Enfin, permettez-moi, Madame la présidente, de poser deux questions au nom de M. Serge Letchimy, qui vous prie de bien vouloir excuser son absence : comment BPIfrance compte-t-elle intervenir dans le cadre du préfinancement du crédit d’impôt pour les investissements productifs en outre-mer ? Par ailleurs, il souhaite vous interroger sur la création d’un mécanisme similaire au préfinancement proposé par la Caisse des dépôts et consignations dans le cadre du crédit d’impôt au titre des investissements dans le secteur du logement social.

Mme Catherine Vautrin. Monsieur le directeur général, je note avec intérêt l’implantation territoriale de BPIfrance. À un moment où sont créées de très grandes régions, la BPI fait le choix d’aller au plus profond des départements : c’est une démarche économique qui mérite d’être soulignée.

Vous avez à juste titre évoqué nos pépites locales, nos ETI, qui souvent n’exportent pas. Je prendrai l’exemple de l’intéressante expérience de Mecatherm en Alsace, entreprise de boulangerie industrielle que vous avez accompagnée grâce à un crédit à l’export. Comment comptez-vous faire connaître ce dispositif aux nombreuses entreprises qui seraient prêtes à exporter si elles recevaient des conseils ciblés ?

En ce qui concerne la culture de l’innovation, vous expliquez que les start-up ne sont pas l’alpha et l’oméga de l’action en ce domaine. Je ne peux qu’abonder dans votre sens. Après le démarrage, la vraie question est de savoir comment les entreprises peuvent passer à l’étape suivante. Les collectivités s’investissent de plus en plus en hébergeant des start-up mais sont un peu démunies quand il s’agit de leur faire prendre de l’essor. Y a-t-il une méthode pour les aider à se transformer ?
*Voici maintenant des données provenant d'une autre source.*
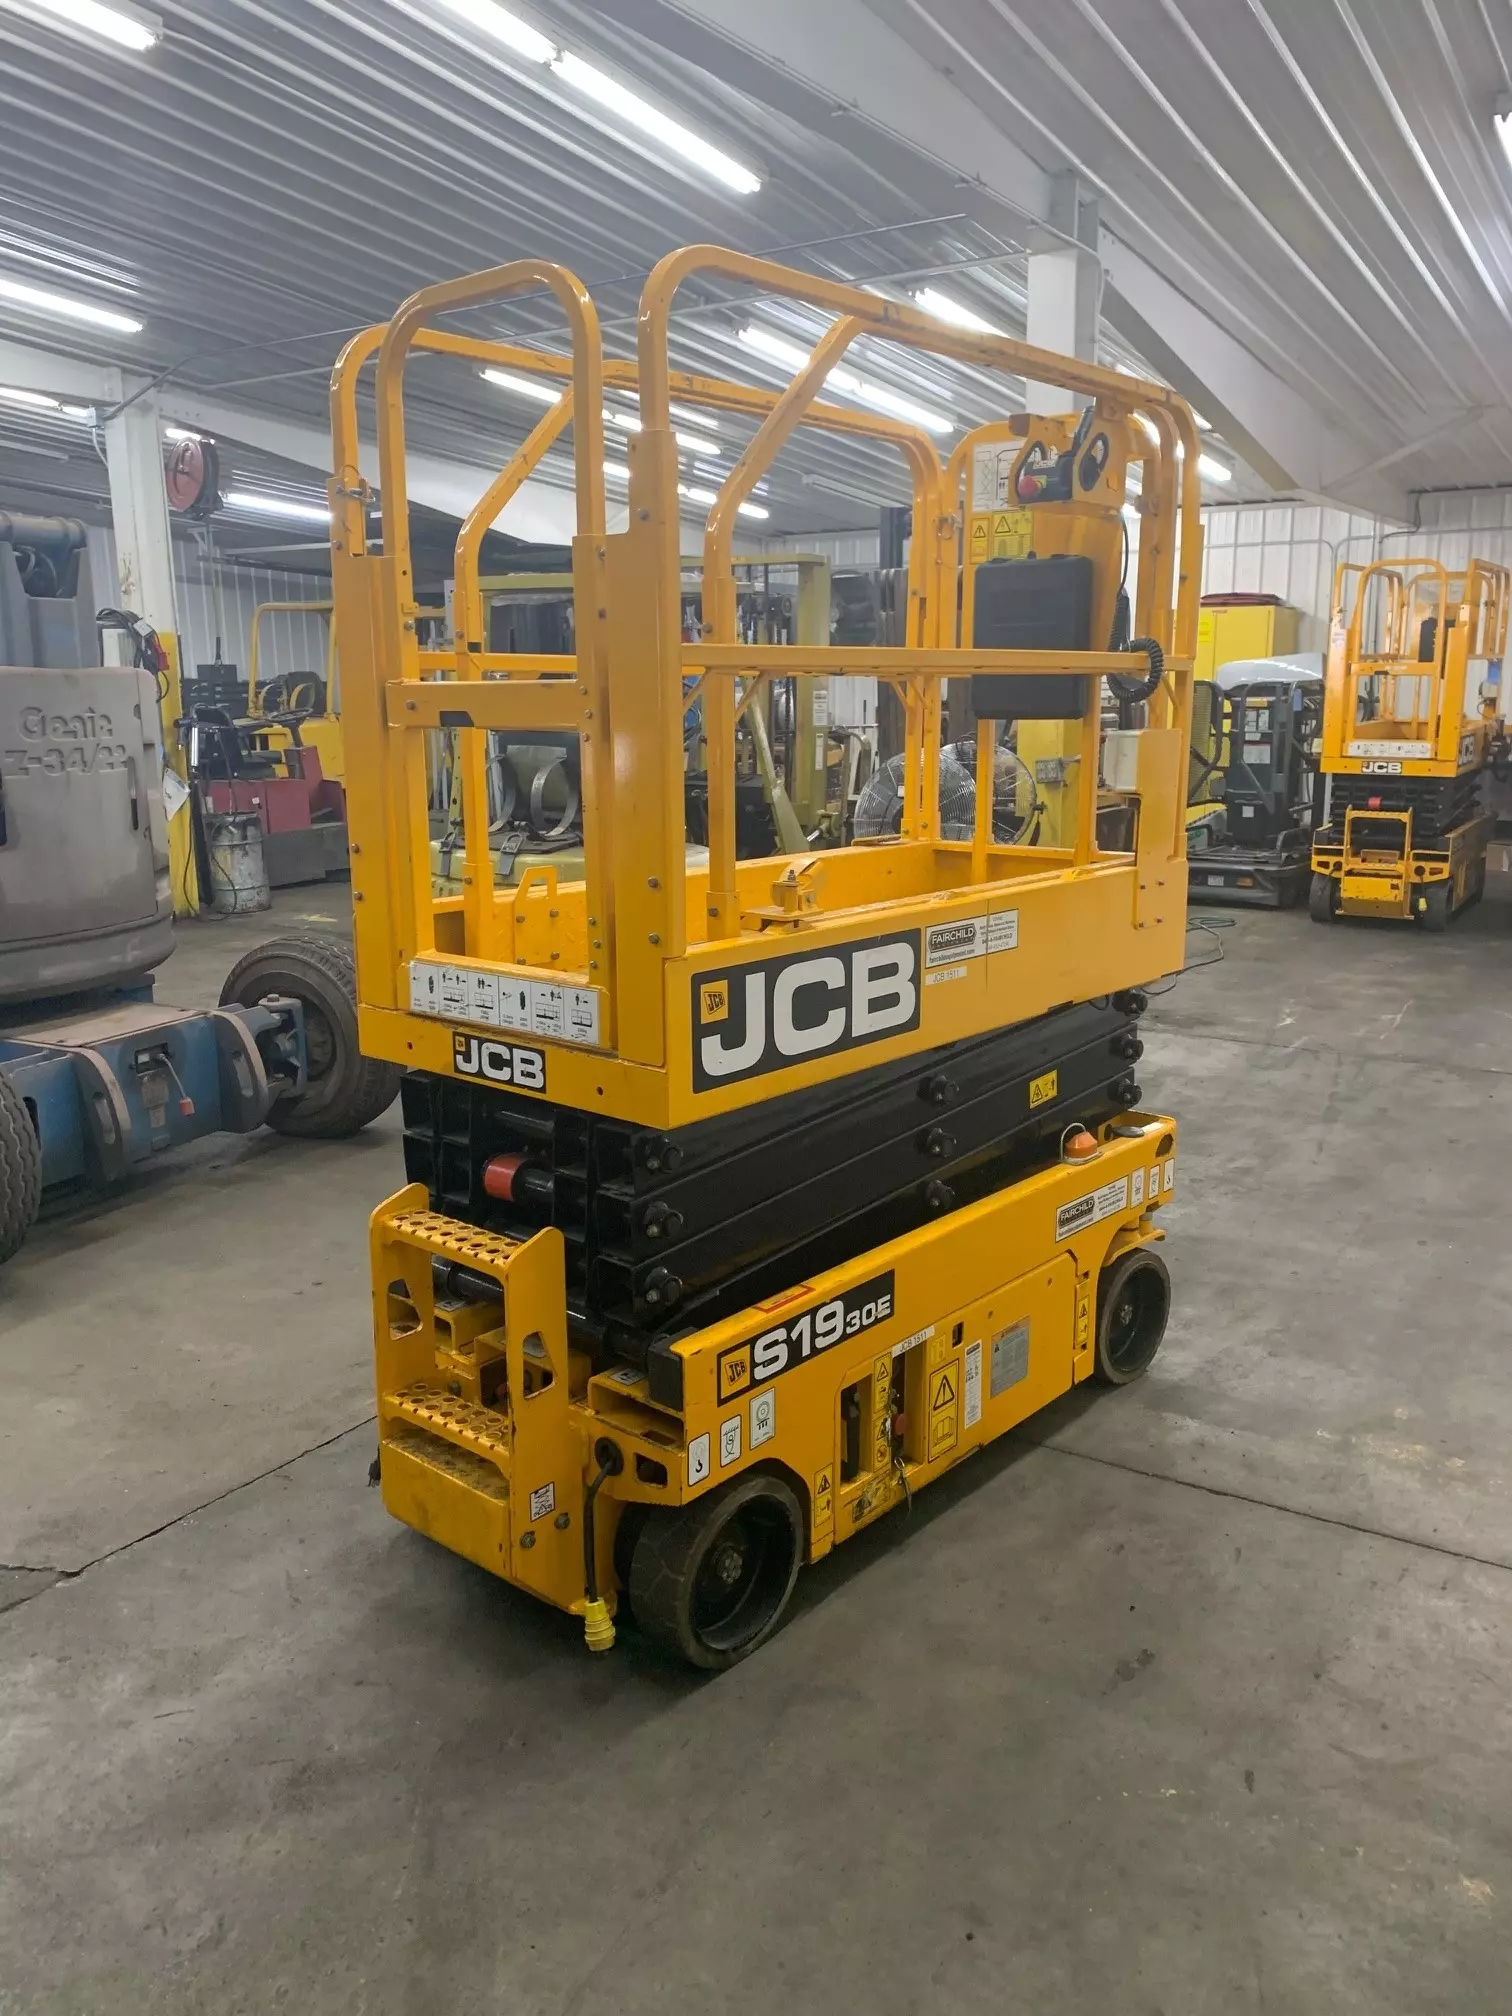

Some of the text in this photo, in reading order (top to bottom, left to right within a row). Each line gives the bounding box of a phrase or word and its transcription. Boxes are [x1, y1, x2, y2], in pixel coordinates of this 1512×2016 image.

[17, 706, 114, 743] Genie
[1361, 761, 1402, 773] JCB
[931, 927, 974, 945] FAIRCHILD
[932, 969, 960, 983] JCB 1511
[701, 942, 916, 1077] JCB
[707, 993, 725, 1014] JCB
[455, 1039, 545, 1089] JCB
[1060, 1200, 1094, 1221] FAIRCHILD
[900, 1331, 927, 1352] JCB 1511
[729, 1361, 746, 1383] JCB
En ce qui concerne nos PME, nous souffrons d’une autre fragilité : l’âge du capitaine et la transmission de l’entreprise. Le travail de conseil qui est celui de BPIfrance comporte-t-il des démarches consacrées à cette problématique ? Nous avons de multiples exemples d’entreprises qui ont quitté le giron français parce qu’elles avaient trop tardivement ouvert leur capital ou parce que leurs dirigeants n’avaient pas été suffisamment accompagnés.
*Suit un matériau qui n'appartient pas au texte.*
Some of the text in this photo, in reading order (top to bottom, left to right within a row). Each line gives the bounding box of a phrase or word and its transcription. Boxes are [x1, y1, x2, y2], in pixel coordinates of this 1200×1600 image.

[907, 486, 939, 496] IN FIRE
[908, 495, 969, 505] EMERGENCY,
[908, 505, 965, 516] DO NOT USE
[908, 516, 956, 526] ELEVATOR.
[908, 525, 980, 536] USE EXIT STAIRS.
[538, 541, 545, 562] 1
Quel est le lien entre BPIfrance, la recherche et l’université ? La Banque européenne d’investissement commence à s’intéresser aux structures qui se situent hors du champ du PIA, comme le pôle de compétitivité sur la bioéconomie en Champagne. Comment peut-on établir un lien entre une université qui porte des chaires et un pôle de compétitivité qui ne bénéficie pas d’accompagnements financiers suffisants pour passer de la recherche fondamentale à une autre dimension ?

Dernière question, pourriez-vous revenir sur l’accord que vous avez passé avec le Crédit agricole ?

Mme Jeanine Dubié. Ma première question portera sur la capacité de BPIfrance à remédier aux refus de financement des banques privées, auxquels se heurtent les PME et les TPE. Comment pouvez-vous agir face à cette frilosité ?

La mission d’information sur BPIfrance a montré comment la banque publique s’installait progressivement sur le territoire grâce à des partenariats dynamiques avec les régions. Y a-t-il des régions plus actives que d’autres en la matière ?

Vous avez lancé plusieurs démarches pour faire connaître les activités de BPIfrance auprès des entreprises, notamment les plus petites. Quelles prestations proposez-vous aux TPE et aux PME qui souhaitent s’internationaliser ?

BPIfrance se positionne comme un acteur essentiel du soutien aux politiques sectorielles : 500 millions d’euros devraient être engagés d’ici à la fin de la législature en faveur de l’économie sociale et solidaire (ESS), qui représente 10 % de notre économie. Où en est-on de la consommation de cette enveloppe ? Comment intervenez-vous auprès des entreprises de l’ESS qui rencontrent des difficultés particulières pour accéder aux crédits bancaires ? Pouvez-vous nous faire un bilan des prêts qui ont été consentis aux entreprises de ce secteur ?

Enfin, M. Laurent Grandguillaume propose, dans son rapport, de mettre en place un micro-crédit de trésorerie, des prêts de développement et des sociétés de caution mutuelle qui permettraient aux entrepreneurs de s’adresser aux banques commerciales en disposant d’une lettre de pré-garantie. Quel regard portez-vous sur cette préconisation, qui inverse le système de garantie pour les PME et les micro-entreprises ?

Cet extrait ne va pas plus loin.